The use of Electronic Data Capture (EDC) and Electronic Case Report Forms (eCRFs) has become the gold standard in clinical research.
As a result the market has become flooded with EDC vendors of varying levels of functionality and quality. 

To choose the correct platform for a study, the following aspects of the EDC vendor should be considered:

  • Reliable and user-friendly EDC system – a critical factor
  • An experienced team responsible for the process of EDC and eCRF set-up
  • Set-up and validation of the eCRF contents and online edit checks
  • Fast implementation with maximum control
  • EDC support, 24/7 help desk
  • 21 CFR part 11 compliance
  • Additional modules that can be included:
           Pharmacovigilance (including generation of MedWatch 3500A and CIOMS forms)
           Laboratory data processing (multi-center study)
           Flexible management listings and reports
           Integration with other systems: IWRS / CTMS
           eSource – electronic source documents
           eICF – electronic informed consent form signature
           ePro – electronic patient report outcome (questionnaires/diaries)
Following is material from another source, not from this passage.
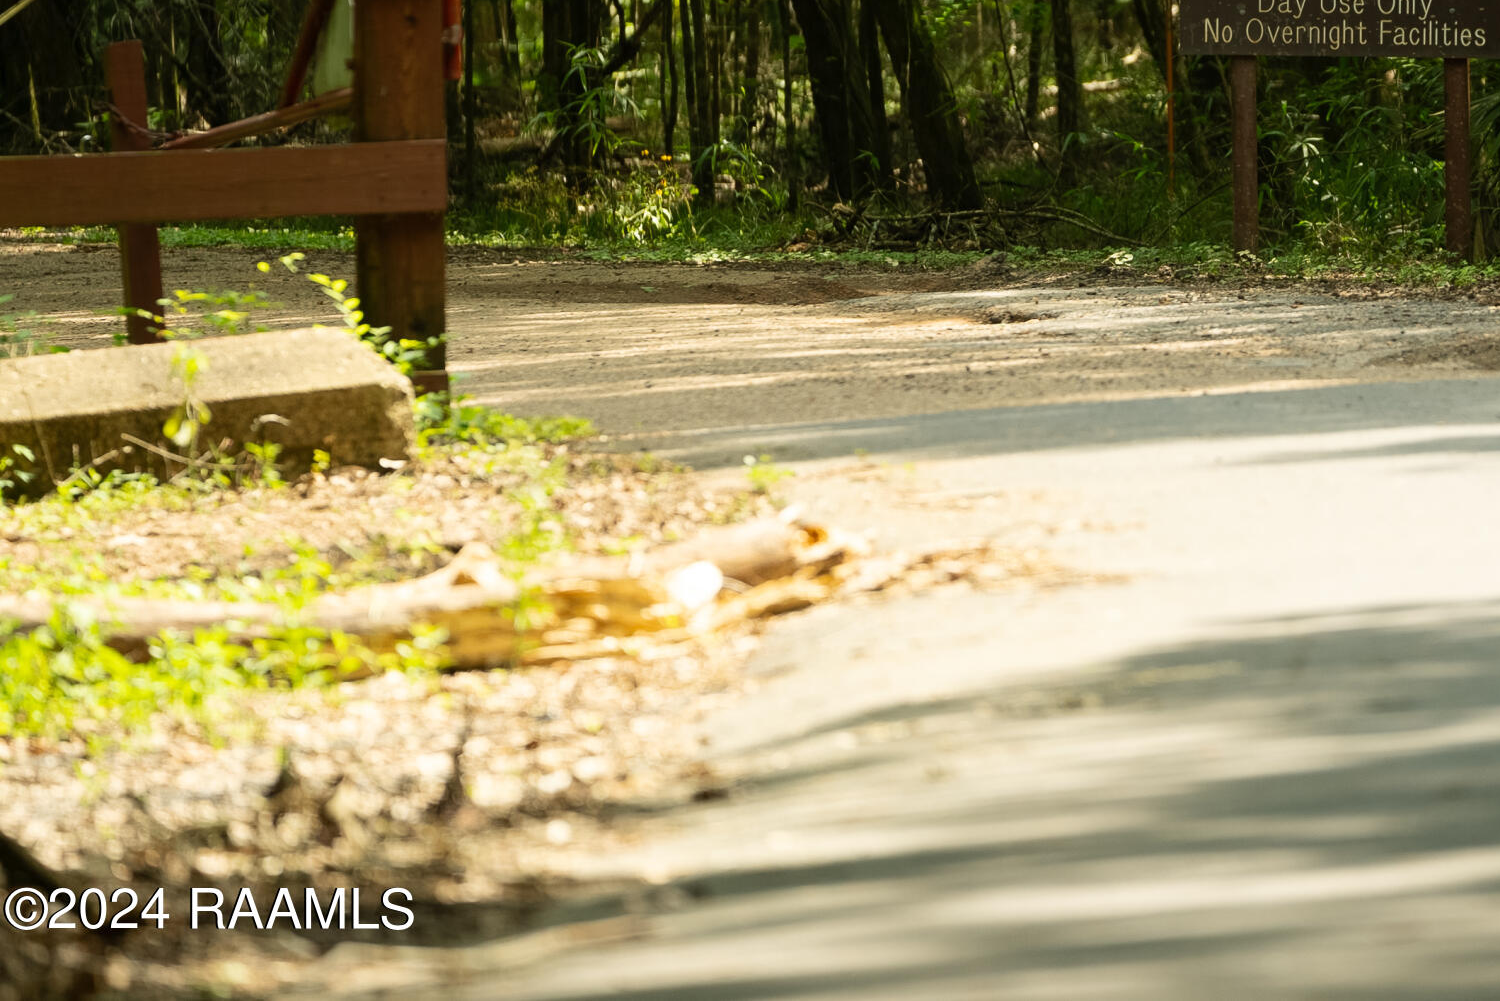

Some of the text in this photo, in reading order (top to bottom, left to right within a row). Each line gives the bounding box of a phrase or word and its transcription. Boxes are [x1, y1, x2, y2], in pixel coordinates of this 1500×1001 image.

[1203, 17, 1487, 50] No Overnight Facilities
The following should be considered as “must have” functionalities when choosing an EDC platform:

  • Data security
  • Multiple environments – demo vs. production
  •  Good performance and stability

The budget is an important factor when choosing an EDC system. Try to choose a platform with minimal surprises to avoid unexpected payments for each additional task. It is important to note that even the best planned studies will require some adjustments.

We at TechnoSTAT have a track record of dozens of studies and thousands of patients which are managed and executed using the Target Health EDC system.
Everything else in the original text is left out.